The lines causing the fail are:
meta = GenericSampleMetaDatum(name='Scrubber', status=0, prefix='Sc')
meta.save()
My model is set up like this:
class GenericSampleMetaDatum(models.Model):
name = models.CharField(max_length=255)
prefix = models.CharField(max_length=5, blank=True, null=True)
columns = models.CharField(max_length=255, blank=True, null=True)
#...
class Meta:
managed = False
db_table = 'generic_sample_meta_data'
If I do makemigrations
and migrate
it tells me these are all up to date. There are several tables in the migration, but this is the relevasnt bit:
class Migration(migrations.Migration):
initial = True
dependencies = [
]
operations = [
migrations.CreateModel(
name='GenericBatchMetaDatum',
fields=[
('id', models.BigAutoField(auto_created=True, primary_key=True, serialize=False, verbose_name='ID')),
('name', models.CharField(max_length=255)),
('prefix', models.CharField(max_length=5)),
('columns', models.CharField(blank=True, max_length=255, null=True)),
# ...
],
options={
'db_table': 'generic_batch_meta_data',
'managed': False,
},
),
]
I have yet to get the web site up and running, but if I go into the shell, I can confirm that the database table is there, with data (I can also see it in pgAdmin).

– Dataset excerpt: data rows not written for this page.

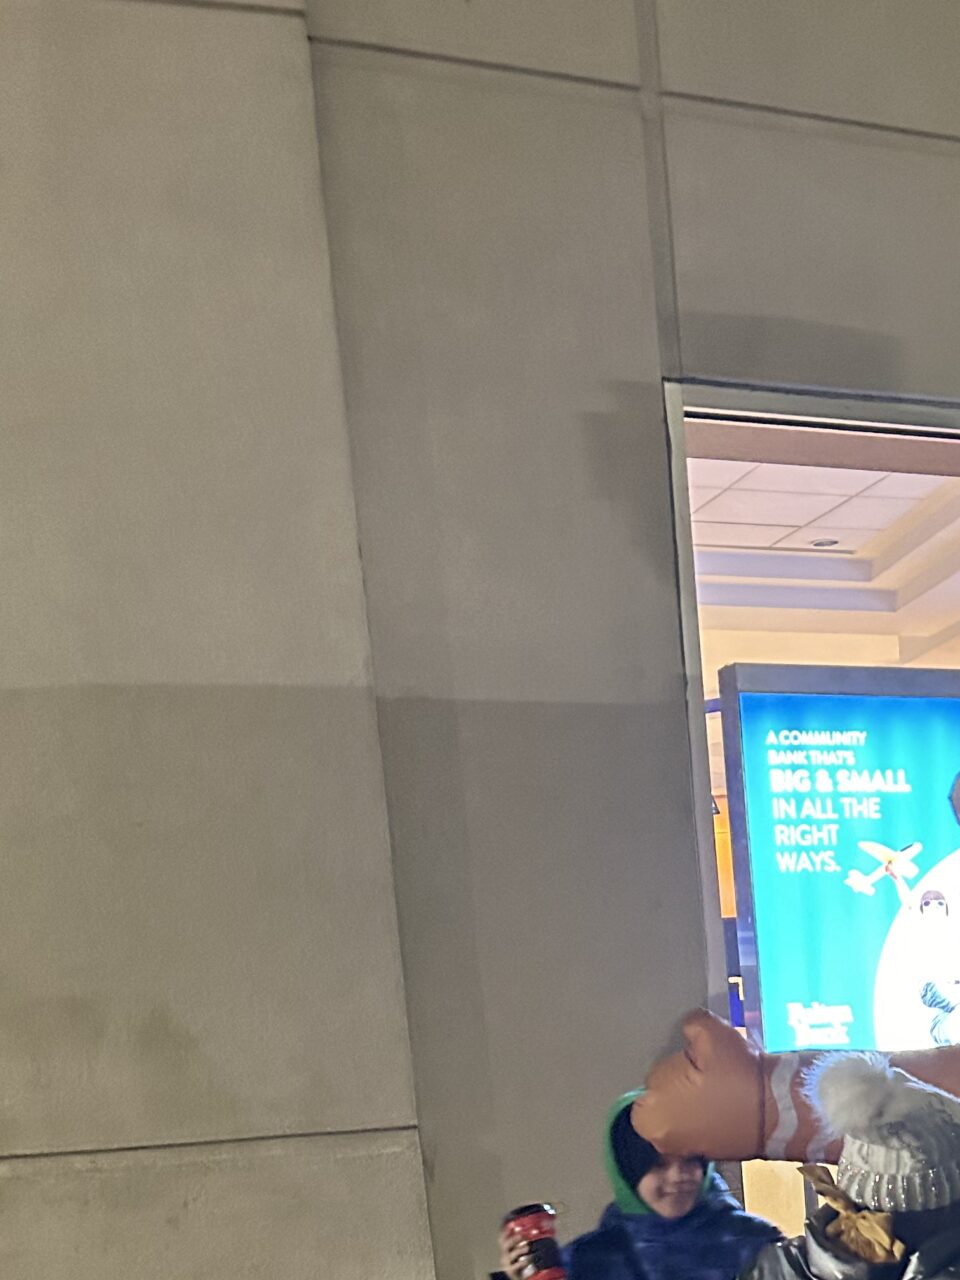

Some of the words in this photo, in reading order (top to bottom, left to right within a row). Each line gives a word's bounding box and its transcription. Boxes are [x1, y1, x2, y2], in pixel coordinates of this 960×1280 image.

[766, 730, 778, 745] A
[778, 730, 867, 746] COMMUNITY
[768, 750, 808, 765] BANK
[809, 750, 856, 766] THAT'S
[769, 769, 812, 793] BIG
[815, 769, 834, 792] &
[836, 769, 912, 793] SMALL
[772, 798, 797, 819] IN
[800, 797, 839, 819] ALL
[840, 797, 882, 819] THE
[774, 824, 840, 846] RIGHT
[776, 851, 841, 873] WAYS.
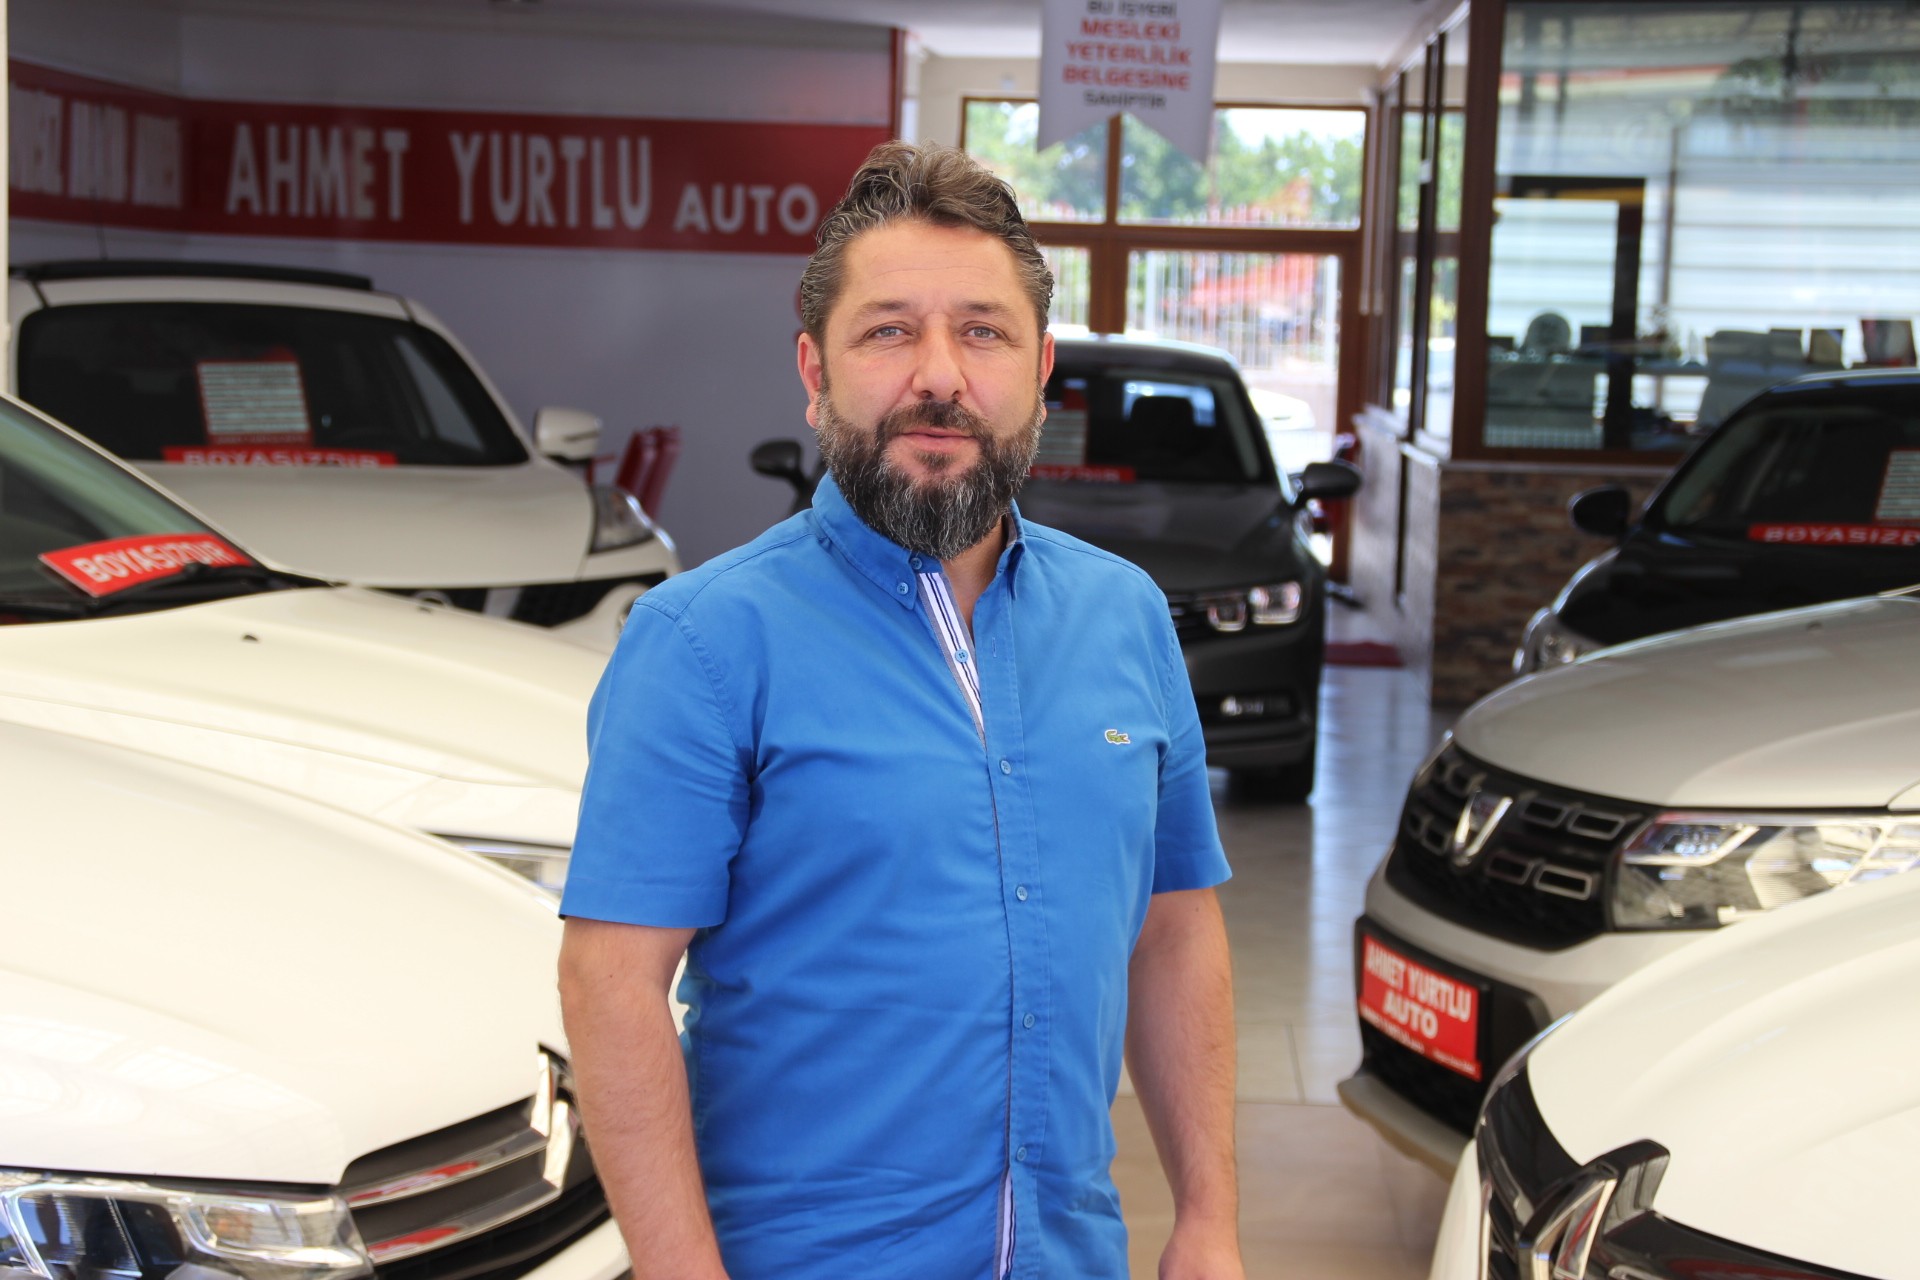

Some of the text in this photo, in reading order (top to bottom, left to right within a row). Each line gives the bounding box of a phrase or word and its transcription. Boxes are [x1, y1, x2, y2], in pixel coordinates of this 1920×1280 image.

[225, 123, 410, 222] AHMET
[449, 132, 651, 231] YURTLU
[673, 183, 819, 235] AUTO
[1366, 942, 1473, 1023] AHMET YURTLU
[1383, 990, 1439, 1040] AUTO

>>> from samples.models import *
>>> GenericSampleMetaDatum.objects.count()
33
>>> GenericSampleMetaDatum.objects.first()
<GenericSampleMetaDatum: GenericSampleMetaDatum object (2)>
Of course, that is the development database; not the testing database. The problem is the table is not in the testing database, and I wonder if that is because the database is flagged as not managed.

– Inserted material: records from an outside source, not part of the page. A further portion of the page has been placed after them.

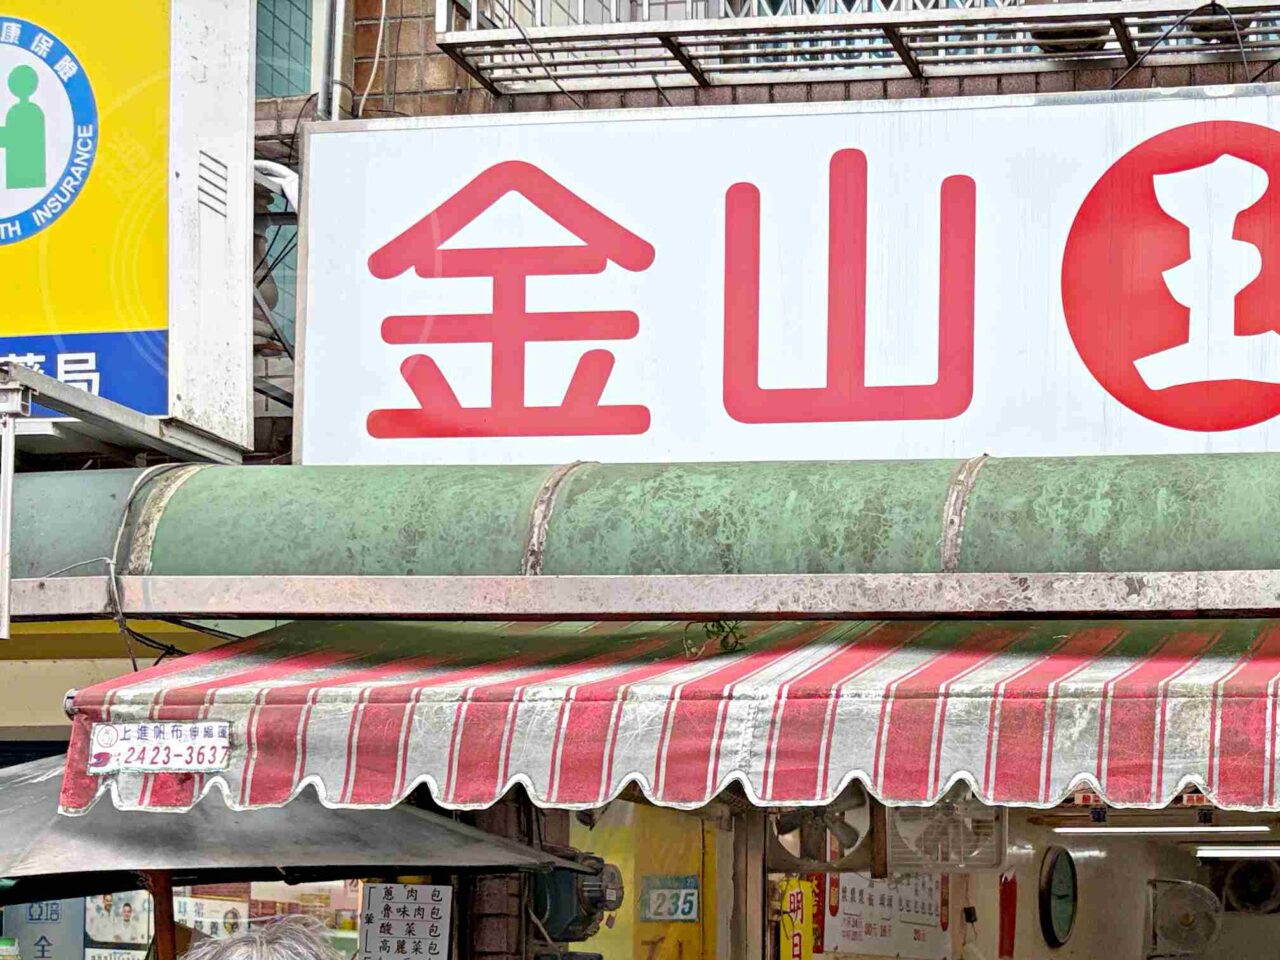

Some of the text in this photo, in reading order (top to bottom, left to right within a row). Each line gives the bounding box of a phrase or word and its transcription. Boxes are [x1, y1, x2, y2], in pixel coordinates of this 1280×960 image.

[32, 124, 94, 226] INSURANCE
[653, 891, 695, 917] 235
[380, 906, 443, 921] 魯味肉包
[379, 923, 441, 938] 酸菜包
[378, 940, 440, 956] 高麗菜包

I found this article, which has two solutions. I tried the first, modified for more recent Django.
So my test runner is this:
from django.test.runner import DiscoverRunner
class ManagedModelTestRunner(DiscoverRunner):
def setup_test_environment(self, *args, **kwargs):
from django.apps import apps
self.unmanaged_models = [m for m in apps.get_models()
if not m._meta.managed]
for m in self.unmanaged_models:
print(m)
m._meta.managed = True
super(ManagedModelTestRunner, self).setup_test_environment(*args,
**kwargs)
def teardown_test_environment(self, *args, **kwargs):
super(ManagedModelTestRunner, self).teardown_test_environment(
*args,
**kwargs
)
# reset unmanaged models
for m in self.unmanaged_models:
m._meta.managed = False
But that made no difference. It does print out the unmanaged models, so this code is getting used, but either it is not setting the table to be managed, or it is doing it too late, or this is not the issue at all.
At this point I am at a loss as to how to proceed!
Edited to add:
I also tried changing the database to managed in the model definition, and that did not fix it. Also changing the setting in the migration itself to no avail. Note that I did not run makemigrations
or migrate
.
I tried running the test with --keepdb
, and inspected the database to confirm that indeed that table is missing.
All this is making me think the database schema or a summary migration is maintained somewhere, and Django is using that?